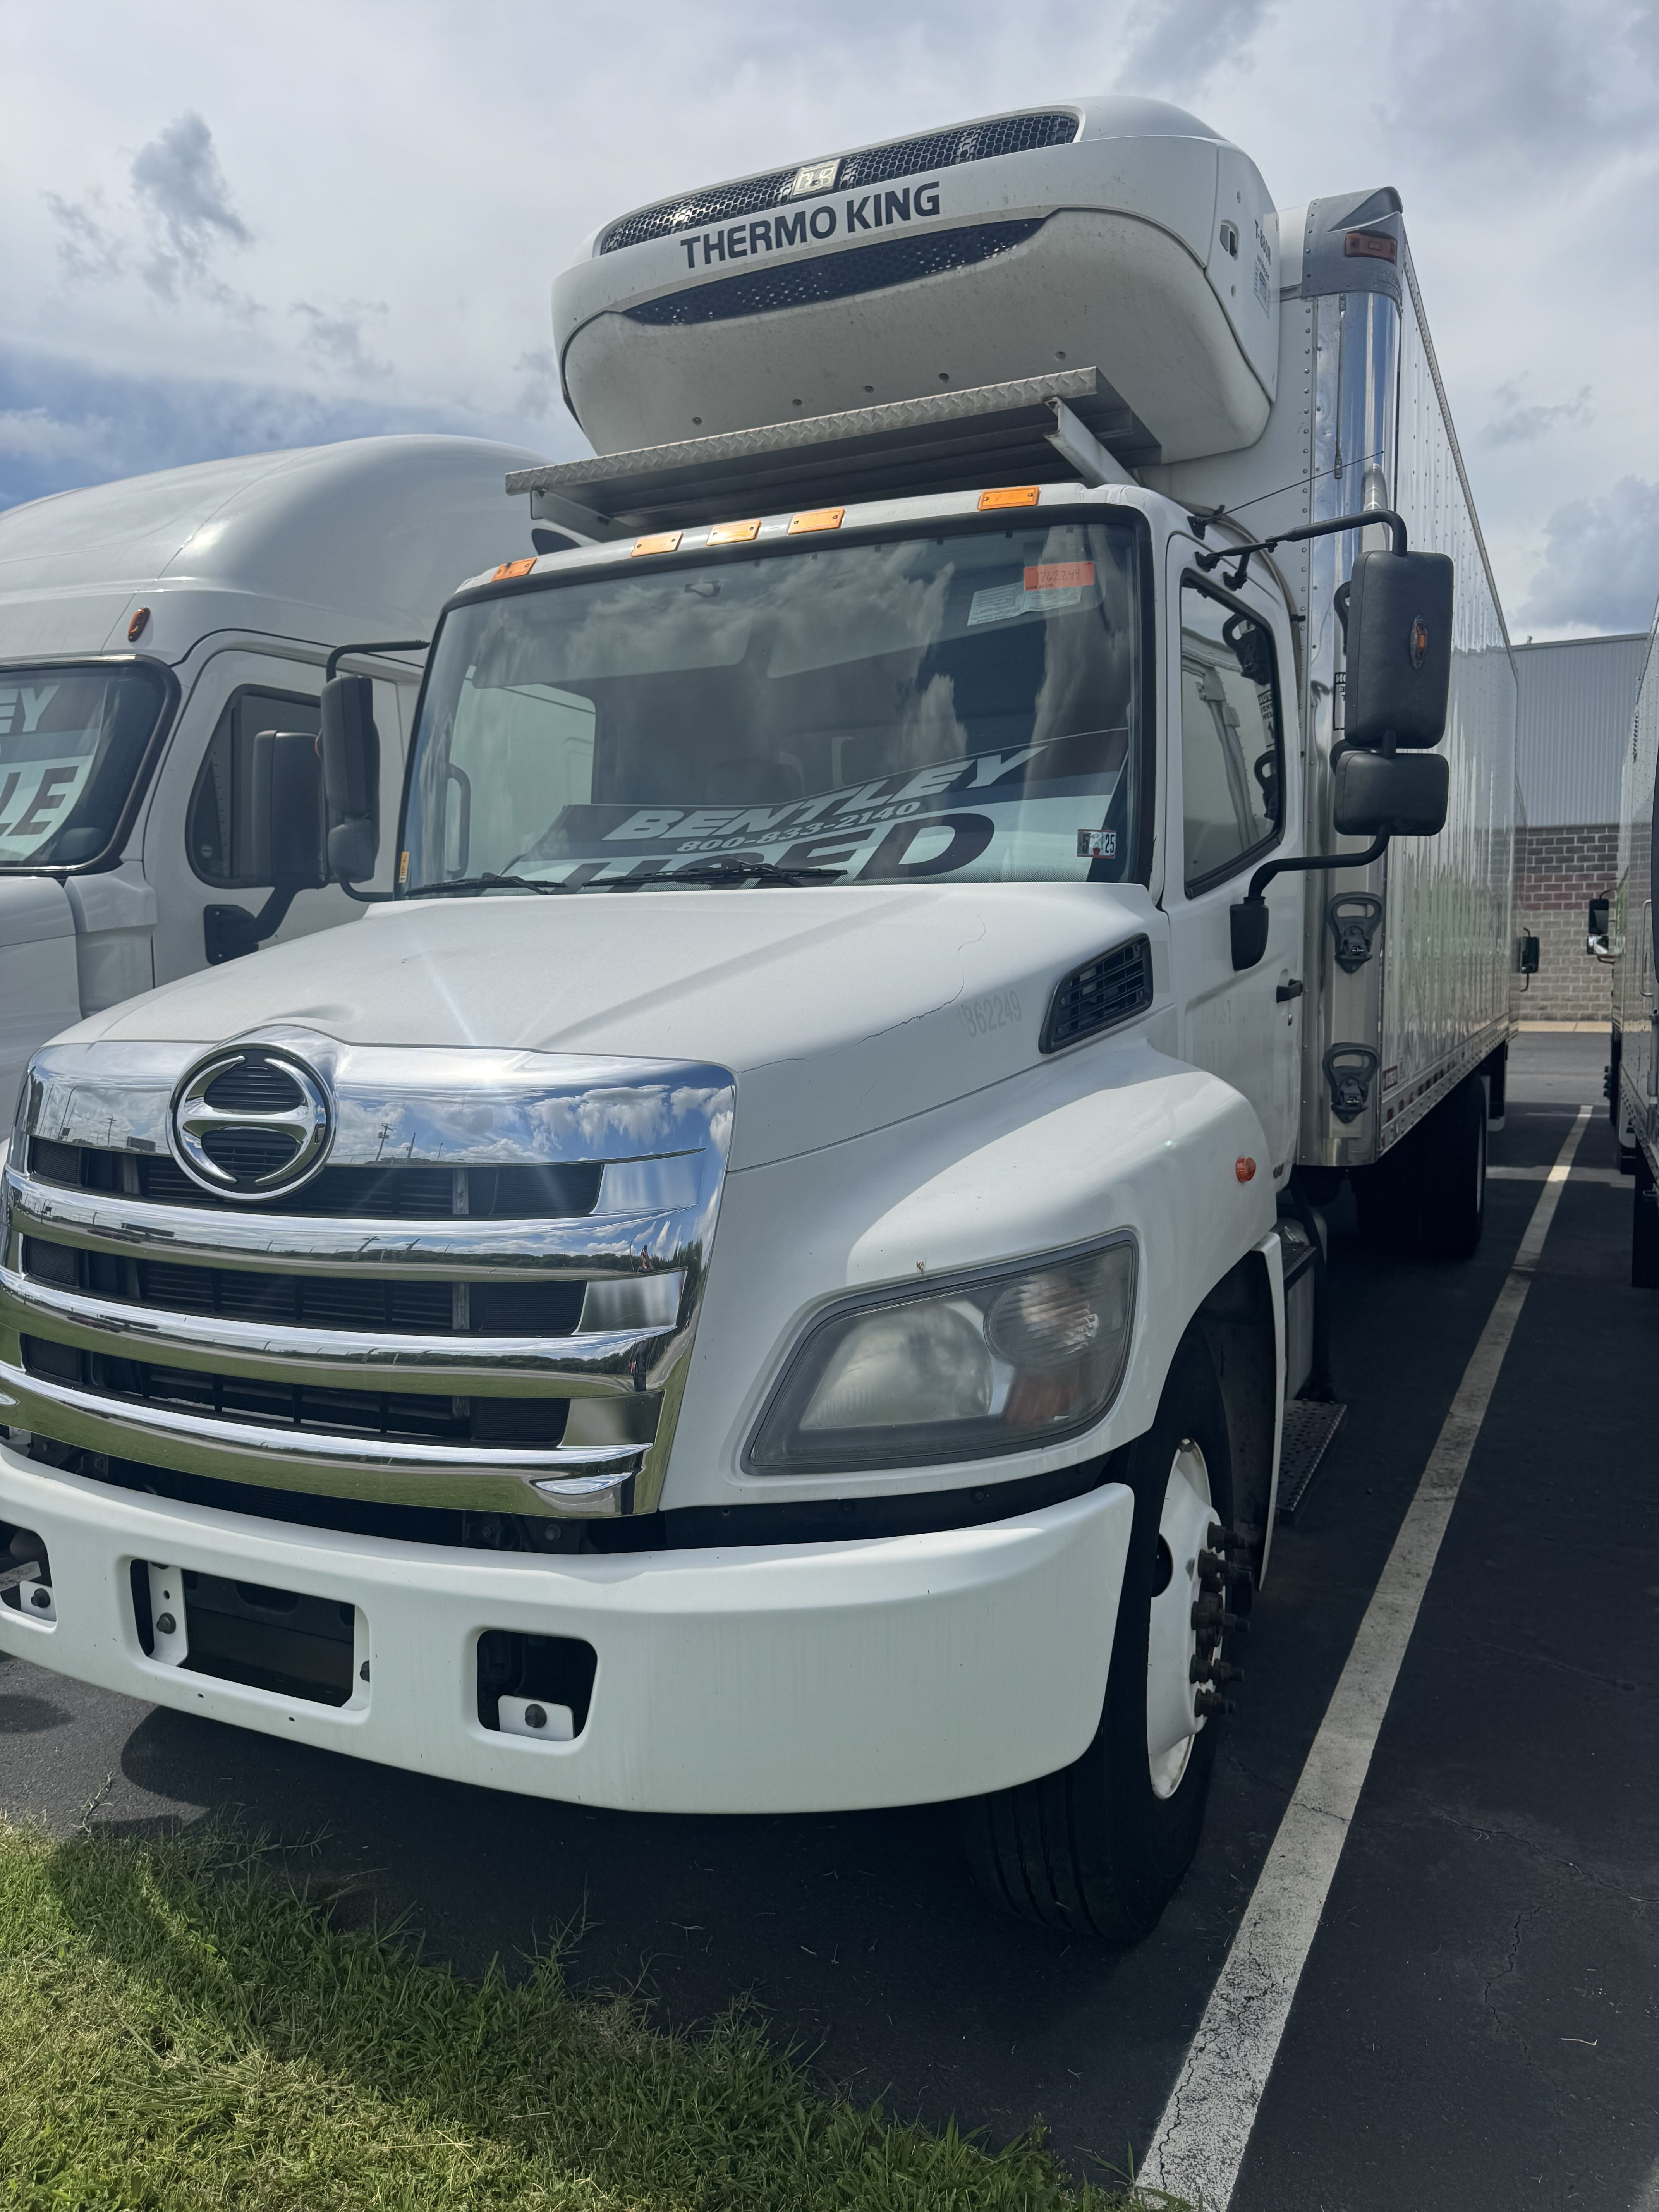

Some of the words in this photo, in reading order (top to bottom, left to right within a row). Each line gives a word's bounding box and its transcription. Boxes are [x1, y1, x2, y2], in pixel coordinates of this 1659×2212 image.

[680, 206, 837, 269] THERMO
[847, 181, 940, 233] KING
[602, 745, 1049, 840] BENTLEY
[676, 801, 921, 852] 800-833-2140
[1105, 834, 1115, 853] 25

........

=== TASK BRIEF ===
Repeat all the material above exactly, apart from the pictures.

=== RESULT OF THIS EXERCISE ===
Some of the words in this photo, in reading order (top to bottom, left to right within a row). Each line gives a word's bounding box and its transcription. Boxes are [x1, y1, x2, y2], in pixel coordinates of this 1659×2212 image.

[680, 206, 837, 269] THERMO
[847, 181, 940, 233] KING
[602, 745, 1049, 840] BENTLEY
[676, 801, 921, 852] 800-833-2140
[1105, 834, 1115, 853] 25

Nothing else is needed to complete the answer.